If multiple VP cards or Groundskeepers are gainable per turn, or the decks are reliable enough to play all/most of their Groundskeepers every turn, the split will probably play a huge role in the outcome of the game and should be prioritized accordingly.

While Groundskeeper increases point ceiling without decreasing deck capability, it doesn’t do anything to increase capability. You should usually build your deck to be as good as it’s ever going to be (other than points you’ll score) before you start buying Groundskeepers.

At the same time, mind the split. On boards good for Groundskeeper, they will often pile out, and sometimes it’s worth delaying other deckbuilding to make sure you get enough of them. Whether or not the split matters, and how much you can afford to lose it by are very game-specific, but usually come down to how impactful each copy will be (which comes back to number of gains and deck reliability).


Playing Groundskeeper Games: A Field Guide to Aggressive Gardening

Keeping Groundskeeper in Check With Pressure:



When deciding how to play around Goundskeeper and how to interpret your win condition at any given point, consider the following.
Firstly, given enough time, having/playing more Groundskeepers pretty much always wins because of how they raise your point ceiling.

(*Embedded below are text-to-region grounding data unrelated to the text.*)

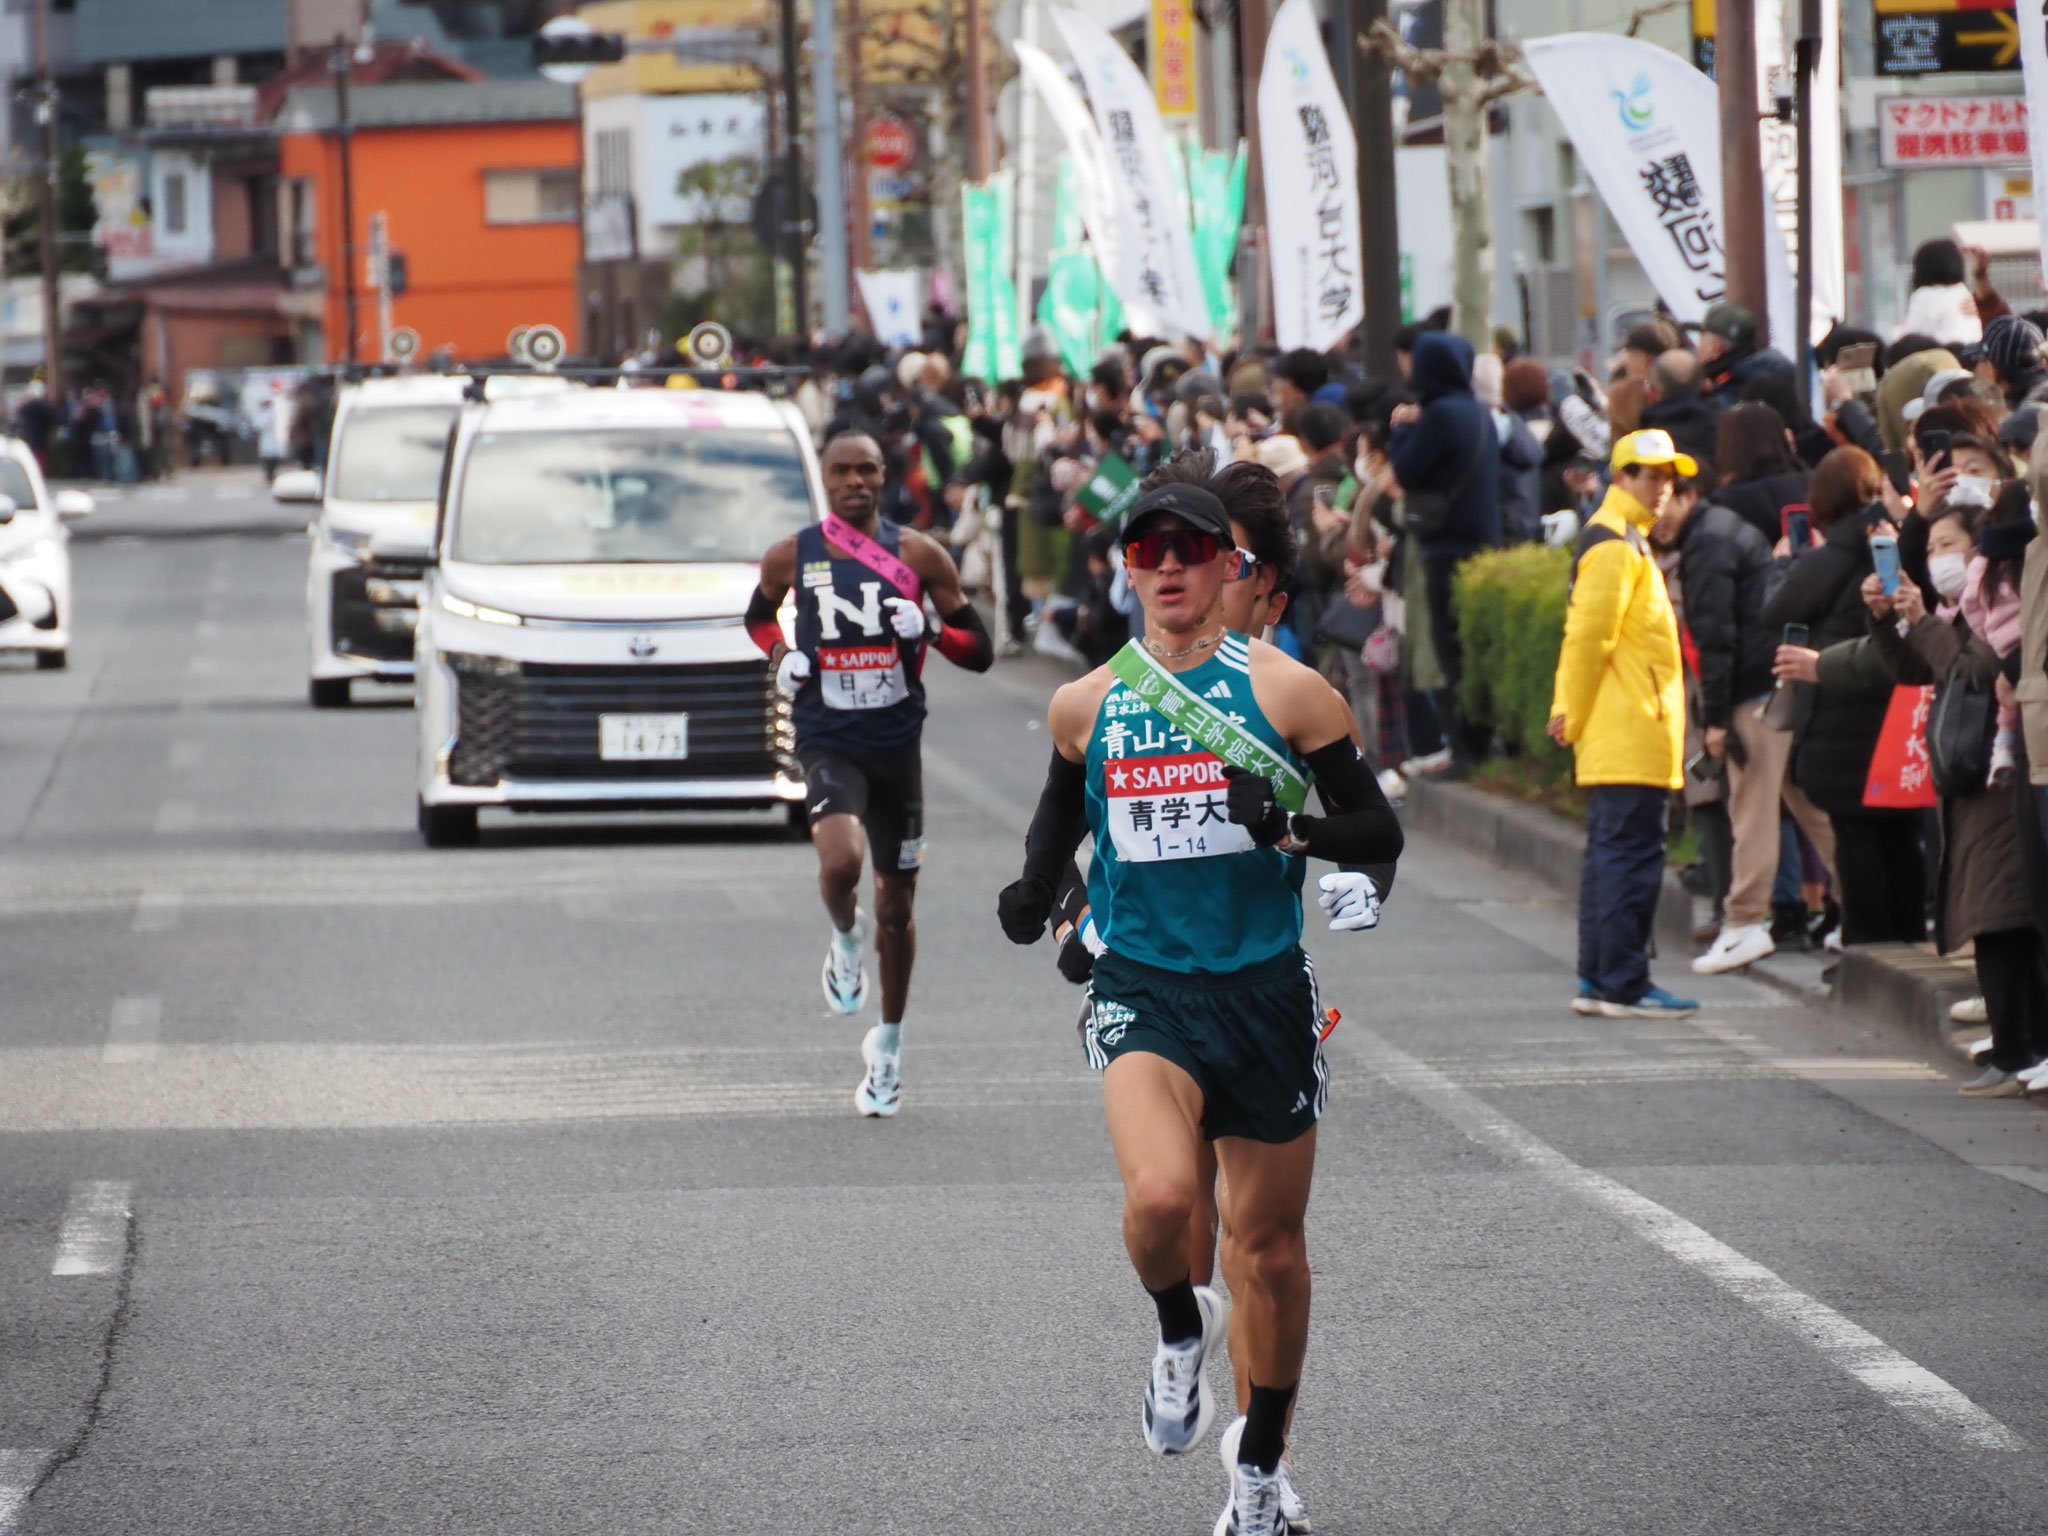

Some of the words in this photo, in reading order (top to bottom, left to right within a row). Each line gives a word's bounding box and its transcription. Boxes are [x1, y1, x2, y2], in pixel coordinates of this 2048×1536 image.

[1882, 14, 1941, 70] 空
[814, 581, 883, 640] N
[1158, 688, 1285, 793] 青山学院大学
[1132, 762, 1229, 790] SAPPOR
[1128, 794, 1226, 832] 青学大
[1152, 834, 1206, 858] 1-14
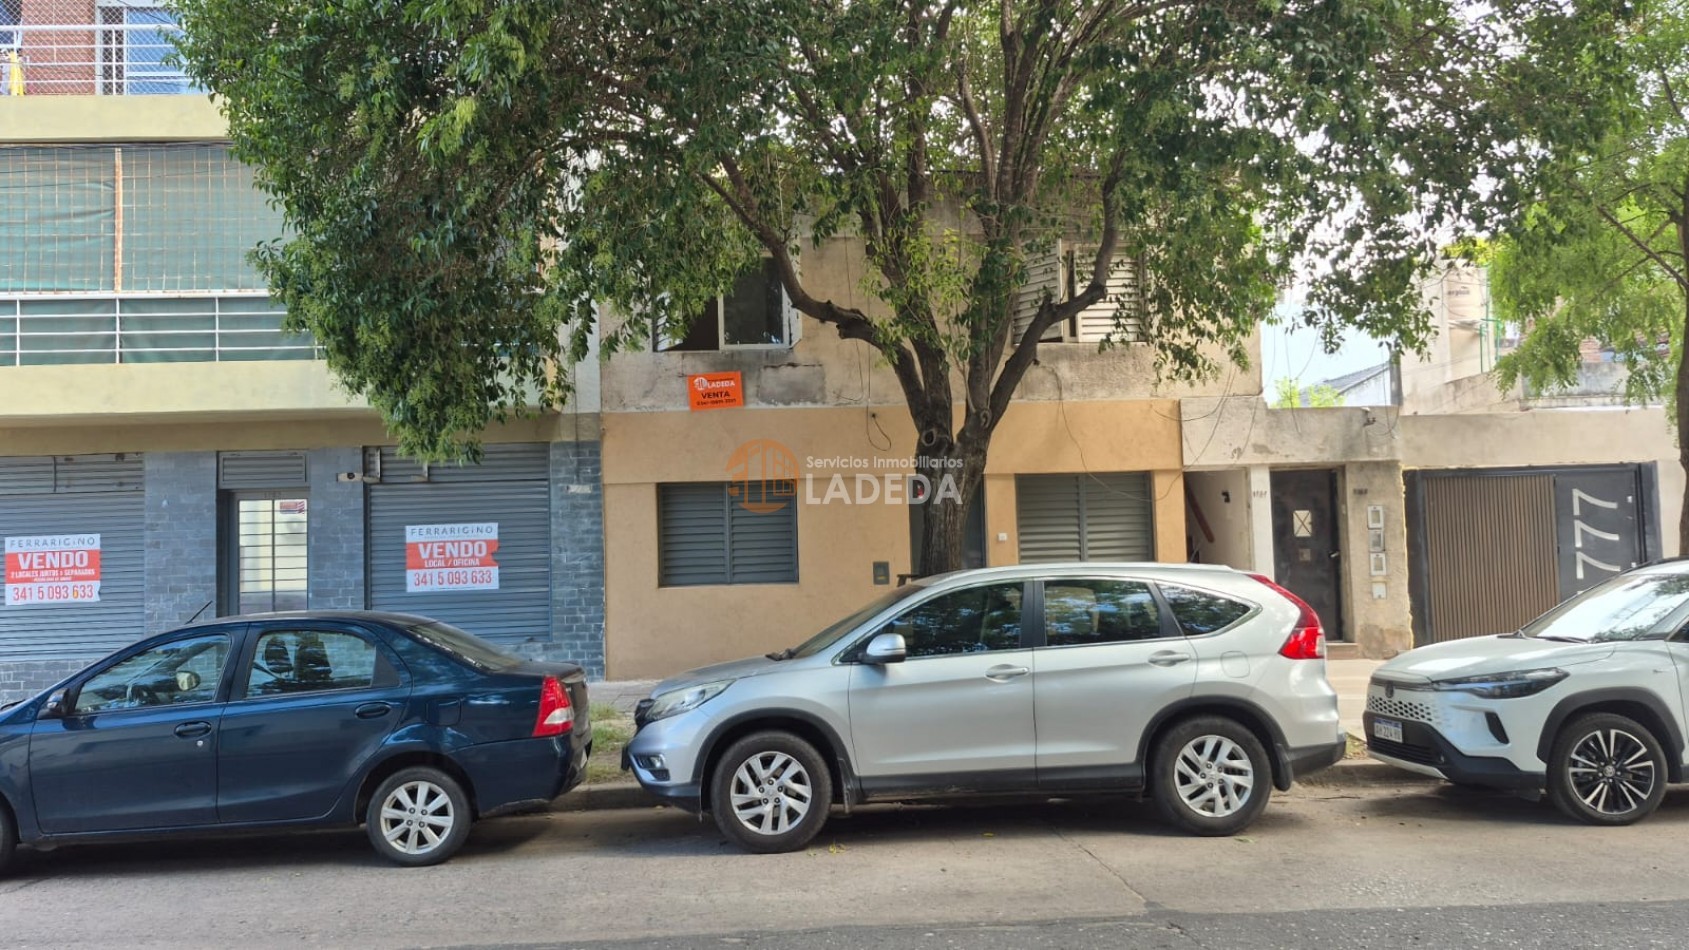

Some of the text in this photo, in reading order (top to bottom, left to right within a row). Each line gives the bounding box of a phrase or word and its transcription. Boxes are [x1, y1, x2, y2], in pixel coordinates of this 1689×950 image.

[701, 391, 730, 399] VENTA
[418, 541, 487, 559] VENDO
[17, 551, 89, 570] VENDO
[424, 559, 445, 568] LOCAL
[453, 558, 480, 567] OFICINA
[414, 570, 492, 587] 341 5 093 633
[13, 584, 93, 601] 341 5 093 633
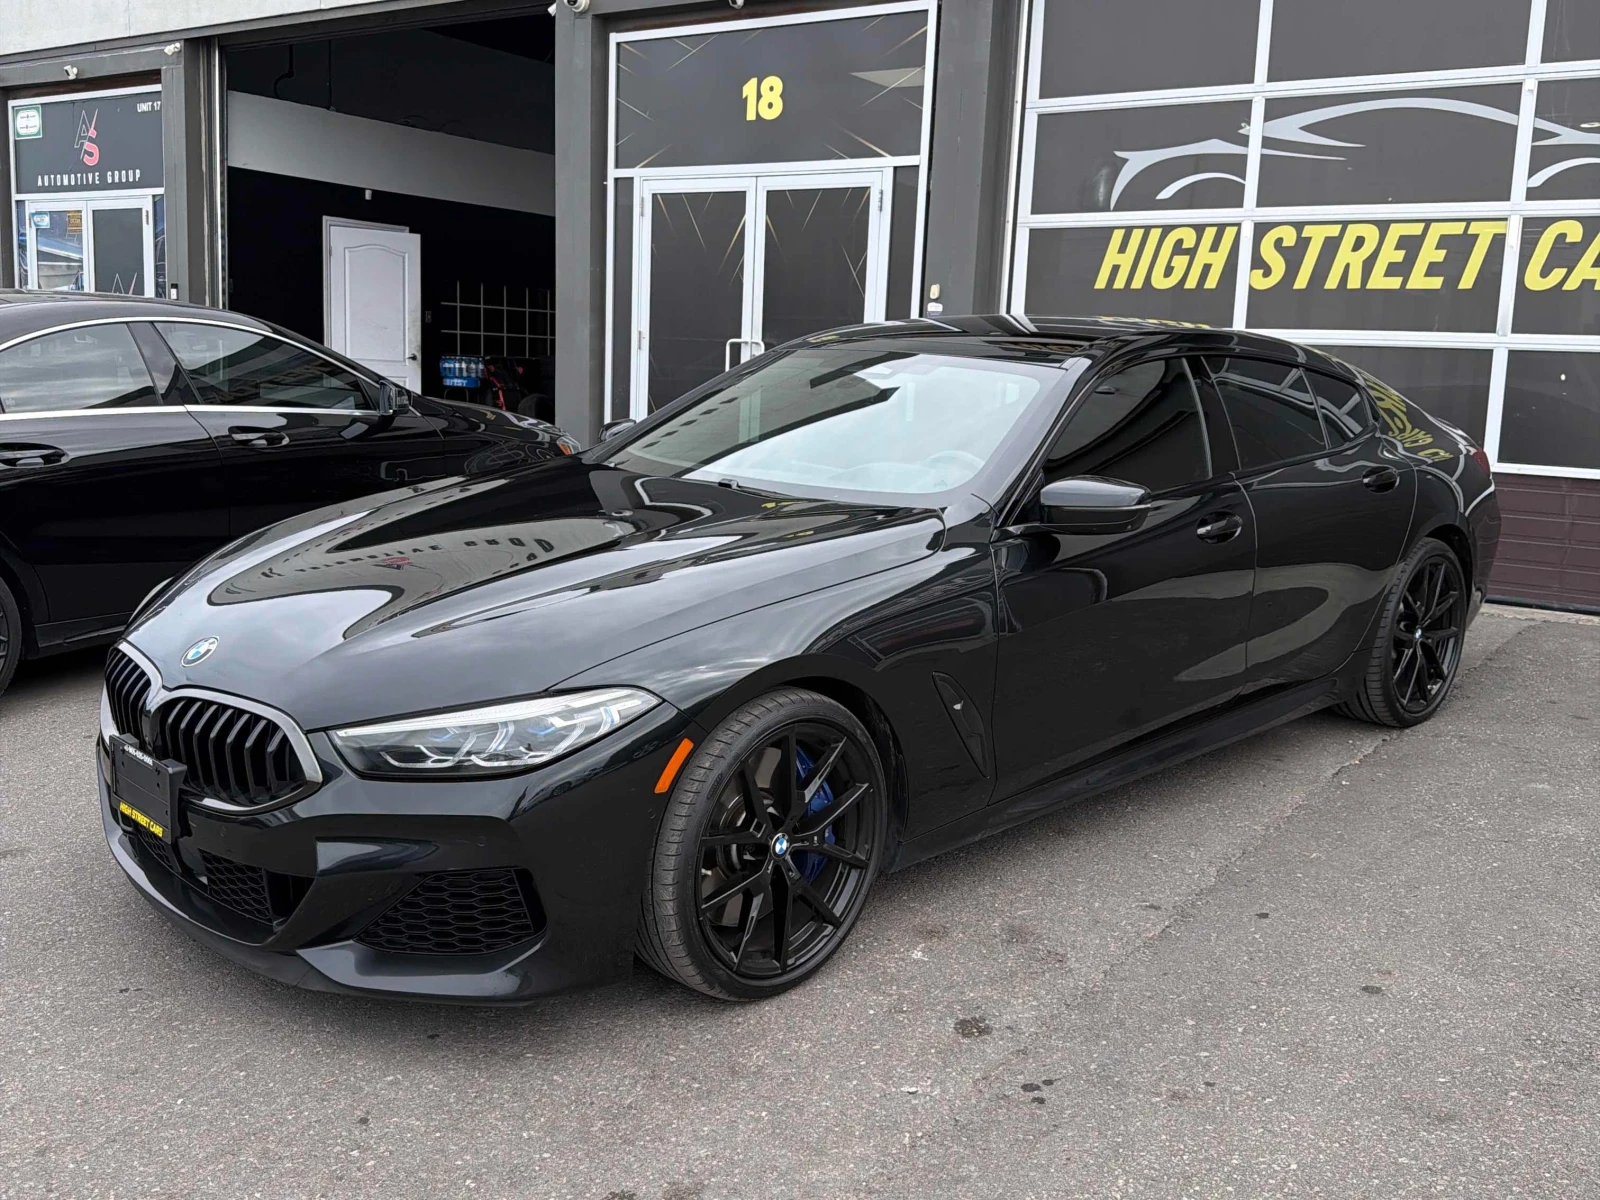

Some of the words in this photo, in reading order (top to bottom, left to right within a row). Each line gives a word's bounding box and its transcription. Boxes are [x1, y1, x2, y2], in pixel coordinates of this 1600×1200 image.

[136, 101, 153, 113] UNIT
[153, 100, 162, 111] 17
[742, 75, 784, 121] 18
[37, 172, 100, 187] AUTOMOTIVE
[107, 169, 141, 184] GROUP
[1093, 226, 1239, 290] HIGH
[1249, 221, 1508, 291] STREET
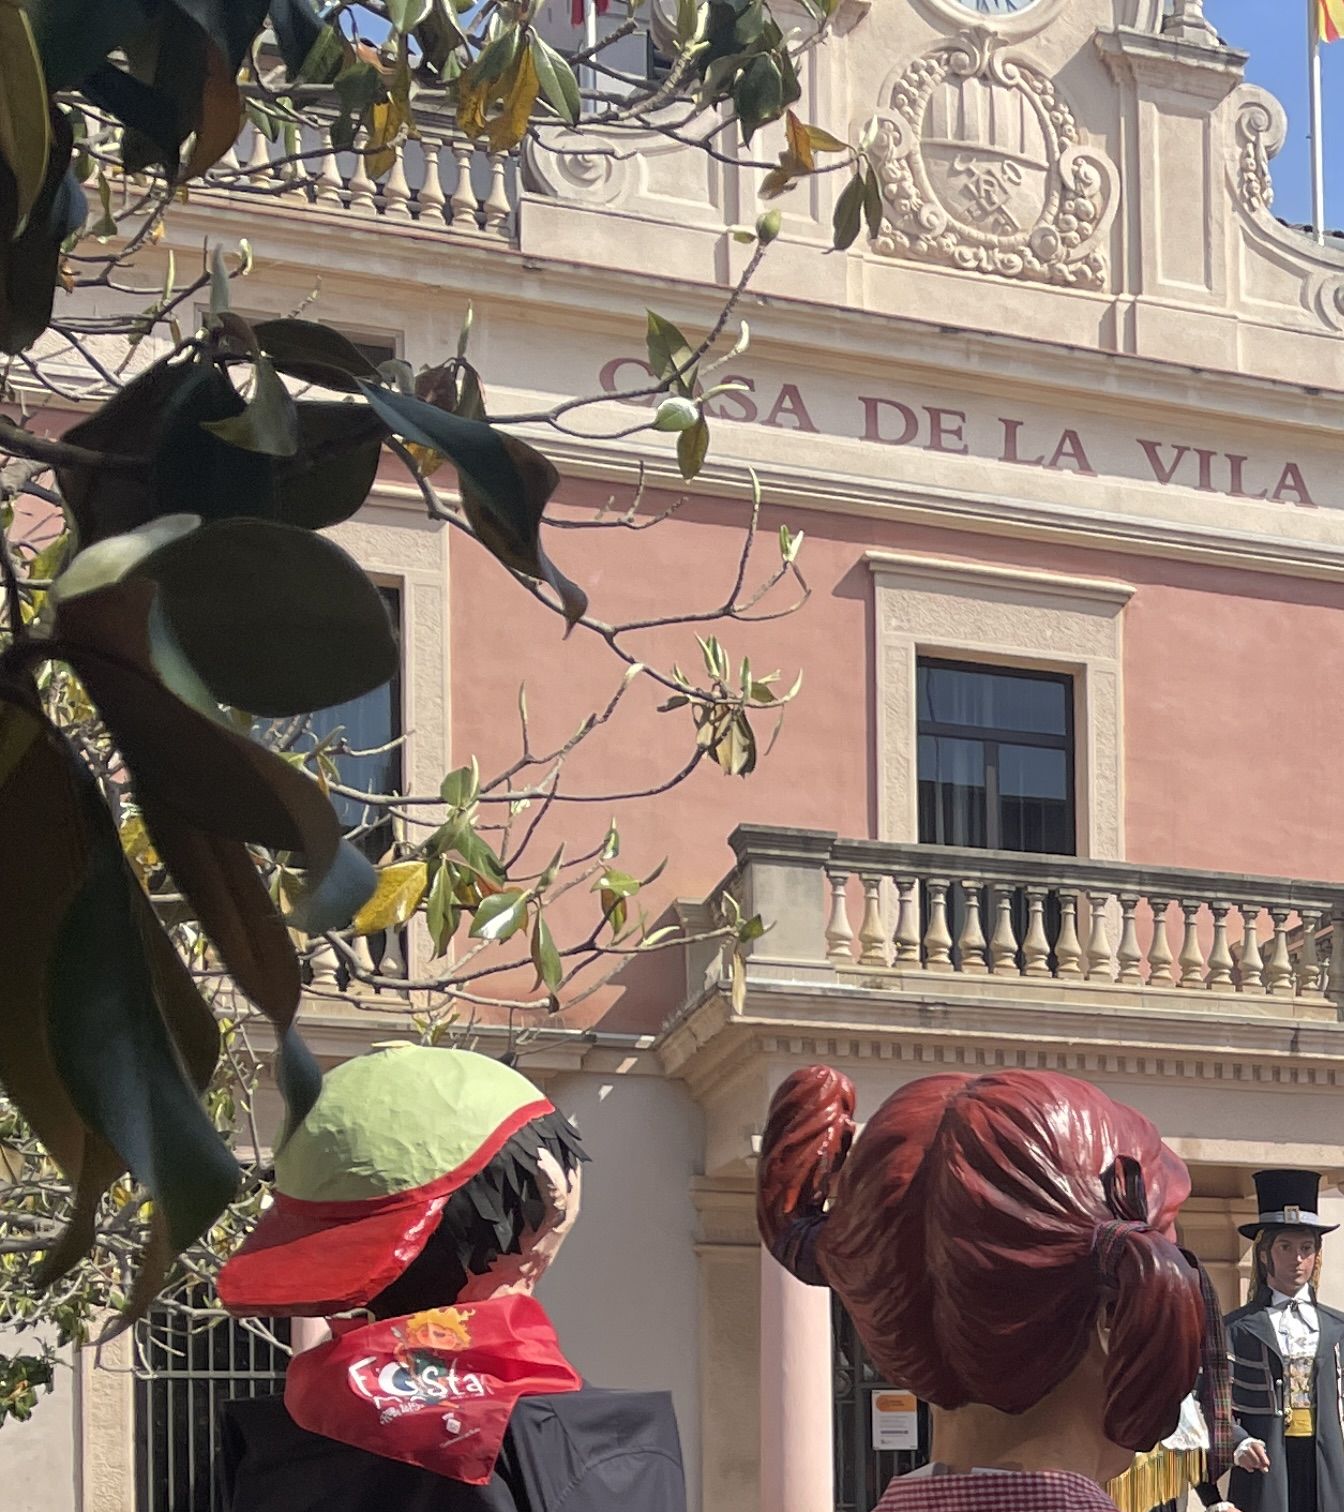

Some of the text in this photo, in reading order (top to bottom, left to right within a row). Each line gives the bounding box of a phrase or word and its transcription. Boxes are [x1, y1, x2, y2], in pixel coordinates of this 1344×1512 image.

Secondly, Groundskeeper’s greatest practical advantage is scoring (delayed) points without making your average turn worse.

It should come as no surprise then that a Groundskeeper deck’s greatest threat is endgame pressure. In other words, Groundskeeper doesn’t have its usual advantages if the game is over (or close to it) by the time  you have to put VP in the deck, or at least have it there for very long.
 In the rare situation it’s possible to empty Provinces over the course of a couple of turns (a la a “megaturn” like with Bridge Trolls or Horn of Plentys), Groundskeepers might not have time to pay off. That’s an extreme example to illustrate the point that Groundskeeper gets worse the less time it has to build up and score points.

Understand though, that ignoring Groundskeeper to pressure piles is an “all-in” proposition-- if you can’t make good on that threat and end the game before someone gaining Groundskeepers has time to catch up, they will likely outscore you.

How Many Groundskeepers do I want? Mirror Versus Non-Mirror:

In a vacuum, you want all of them, as many as you can get. But as with every other aspect of the card, there are some considerations.
The earlier advice of playing with and against pile pressure applies to Groundskeeper mirror matches as well. If both players are going for Groundskeeper, the pile usually empties and always gets low. Even when the split is important, a three-pile ending is something to watch out for before you gain the last one.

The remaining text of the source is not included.